More recently, government-funded databases such as the UK Biobank have made available full genomic and medical data on some 500,000 (mostly European) volunteers. This allows researchers to run machine learning programs to “train” on the data, looking for genetic predictors for medical and behavioral traits. Kathiresan’s group at Harvard Medical School developed polygenic risk scores (PRS) for five complex diseases including heart disease, type 2 diabetes, and breast cancer.29 Hsu’s team extended this work, but he doesn’t stop at merely medical disorders. By identifying some 20,000 DNA variants that influence height, Hsu claims he can build an algorithm to calculate a PRS and predict someone’s height to plus or minus one inch.30
Whereas most investigators are studying PRS in patients, Hsu is courting controversy by insisting he can calculate a PRS before birth in an individual embryo. Hence Genomic Prediction’s menu of available polygenic risks includes short stature and low cognitive ability. Hsu scornfully dismisses criticisms, shocked that human geneticists have virtually no idea what their colleagues in livestock or corn breeding are doing.

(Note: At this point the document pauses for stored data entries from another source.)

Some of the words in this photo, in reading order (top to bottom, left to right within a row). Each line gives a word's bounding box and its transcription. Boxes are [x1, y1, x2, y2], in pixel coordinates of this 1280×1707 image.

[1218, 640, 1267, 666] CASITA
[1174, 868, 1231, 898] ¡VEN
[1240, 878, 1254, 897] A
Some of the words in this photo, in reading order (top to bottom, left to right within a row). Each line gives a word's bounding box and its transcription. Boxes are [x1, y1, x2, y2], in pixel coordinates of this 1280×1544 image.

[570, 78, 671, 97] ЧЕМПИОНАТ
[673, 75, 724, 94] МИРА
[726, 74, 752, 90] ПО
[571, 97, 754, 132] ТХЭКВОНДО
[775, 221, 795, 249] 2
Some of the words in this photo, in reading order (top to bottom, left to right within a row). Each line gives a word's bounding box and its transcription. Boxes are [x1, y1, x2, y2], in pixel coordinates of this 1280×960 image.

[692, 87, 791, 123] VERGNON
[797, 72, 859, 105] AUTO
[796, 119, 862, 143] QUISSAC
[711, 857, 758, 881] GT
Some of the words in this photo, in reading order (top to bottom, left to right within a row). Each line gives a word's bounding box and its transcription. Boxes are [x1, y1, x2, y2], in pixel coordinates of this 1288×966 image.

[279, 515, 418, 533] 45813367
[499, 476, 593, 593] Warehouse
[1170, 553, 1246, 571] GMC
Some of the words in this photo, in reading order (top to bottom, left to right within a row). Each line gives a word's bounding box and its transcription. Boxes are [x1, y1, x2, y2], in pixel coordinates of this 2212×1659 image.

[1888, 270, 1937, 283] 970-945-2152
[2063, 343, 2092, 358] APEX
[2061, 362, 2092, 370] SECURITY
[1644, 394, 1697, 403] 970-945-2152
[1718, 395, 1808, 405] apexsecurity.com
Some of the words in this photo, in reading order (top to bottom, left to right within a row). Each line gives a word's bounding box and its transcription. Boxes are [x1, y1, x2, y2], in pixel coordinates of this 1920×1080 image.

The genetics of intelligence is a controversial and fraught issue. A recent Canadian study examined the effect of DNA deletions or insertions (copy number variants) in more than 24,000 people. The authors concluded that the number of genes that influenced intelligence was around 10,000—fully half the genes in the human genome.31 But that hasn’t deterred Hsu. Projects like the UK Biobank haven’t been conducting IQ tests but have asked volunteers to list their level of education. Using that as a proxy for IQ, Hsu’s team mined these data for DNA markers associated with cognitive ability. He says he can predict cognitive ability with a correlation of about 30–40 percent. In the same way that a college dean would look askance at a student who had underperformed on the SAT, Hsu says, “parents may deserve a warning if we find that an embryo has super elevated risk of intellectual disability.”32
Championing couples’ “reproductive liberty,” Treff’s team has already reported IVF embryo screenings for breast cancer and type 1 diabetes.33 Hsu says they can go further to predict which embryo would develop with low cognitive ability—that is, it carries an excess of DNA variants that are predicted to depress IQ below a clinical threshold. The company is not offering clients the option to select for an extra-intelligent embryo—not because the technology isn’t there, Hsu says, just that society isn’t ready for it. Suppose you want to start a family and you learn that embryo #4 was predicted to be in the top percentile of cognitive ability. What would you do? Would you rather rely on the embryologist judging the health of each embryo by shape and morphology (as happens now) or by analysis of its DNA?